Exercise objective »
When the word "MINIMAX" shows up in a line of the data below, copy that whole line.

Collected data:
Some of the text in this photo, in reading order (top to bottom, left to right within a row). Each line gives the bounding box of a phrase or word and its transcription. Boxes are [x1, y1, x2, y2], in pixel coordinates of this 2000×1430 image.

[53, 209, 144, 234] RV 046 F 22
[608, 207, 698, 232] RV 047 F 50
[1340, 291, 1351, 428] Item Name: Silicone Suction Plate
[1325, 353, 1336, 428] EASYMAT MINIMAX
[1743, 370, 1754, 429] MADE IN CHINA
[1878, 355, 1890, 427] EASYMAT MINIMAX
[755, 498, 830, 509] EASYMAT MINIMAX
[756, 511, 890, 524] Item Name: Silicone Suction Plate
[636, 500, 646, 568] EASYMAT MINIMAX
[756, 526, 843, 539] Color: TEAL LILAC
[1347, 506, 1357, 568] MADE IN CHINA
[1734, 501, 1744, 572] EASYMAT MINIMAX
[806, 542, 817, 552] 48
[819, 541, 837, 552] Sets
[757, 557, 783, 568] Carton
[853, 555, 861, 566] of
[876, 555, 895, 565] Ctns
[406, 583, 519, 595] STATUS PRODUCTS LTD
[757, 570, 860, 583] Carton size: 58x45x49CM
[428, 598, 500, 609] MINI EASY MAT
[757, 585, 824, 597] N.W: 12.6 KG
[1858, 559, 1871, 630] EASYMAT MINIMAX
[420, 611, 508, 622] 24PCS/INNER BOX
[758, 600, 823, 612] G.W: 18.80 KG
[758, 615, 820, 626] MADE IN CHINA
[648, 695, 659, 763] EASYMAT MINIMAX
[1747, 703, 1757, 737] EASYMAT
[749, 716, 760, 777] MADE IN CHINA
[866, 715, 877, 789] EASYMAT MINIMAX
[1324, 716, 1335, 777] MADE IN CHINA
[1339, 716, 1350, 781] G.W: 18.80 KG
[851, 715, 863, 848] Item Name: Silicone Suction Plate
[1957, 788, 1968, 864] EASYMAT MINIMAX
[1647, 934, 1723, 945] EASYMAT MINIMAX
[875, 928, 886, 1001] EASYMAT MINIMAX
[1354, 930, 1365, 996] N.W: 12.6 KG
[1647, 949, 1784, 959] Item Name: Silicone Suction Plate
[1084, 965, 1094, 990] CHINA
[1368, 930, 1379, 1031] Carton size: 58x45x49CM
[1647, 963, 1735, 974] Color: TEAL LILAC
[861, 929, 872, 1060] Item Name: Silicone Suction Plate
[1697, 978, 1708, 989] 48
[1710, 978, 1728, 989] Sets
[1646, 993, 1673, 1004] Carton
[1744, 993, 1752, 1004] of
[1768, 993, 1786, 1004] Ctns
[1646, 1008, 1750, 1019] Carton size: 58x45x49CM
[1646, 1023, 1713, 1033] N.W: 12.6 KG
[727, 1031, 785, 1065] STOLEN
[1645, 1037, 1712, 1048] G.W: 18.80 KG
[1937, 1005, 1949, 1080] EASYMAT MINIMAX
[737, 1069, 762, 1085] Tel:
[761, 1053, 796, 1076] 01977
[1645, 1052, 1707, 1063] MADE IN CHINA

Exercise response »
[1325, 353, 1336, 428] EASYMAT MINIMAX
[1878, 355, 1890, 427] EASYMAT MINIMAX
[755, 498, 830, 509] EASYMAT MINIMAX
[636, 500, 646, 568] EASYMAT MINIMAX
[1734, 501, 1744, 572] EASYMAT MINIMAX
[1858, 559, 1871, 630] EASYMAT MINIMAX
[648, 695, 659, 763] EASYMAT MINIMAX
[866, 715, 877, 789] EASYMAT MINIMAX
[1957, 788, 1968, 864] EASYMAT MINIMAX
[1647, 934, 1723, 945] EASYMAT MINIMAX
[875, 928, 886, 1001] EASYMAT MINIMAX
[1937, 1005, 1949, 1080] EASYMAT MINIMAX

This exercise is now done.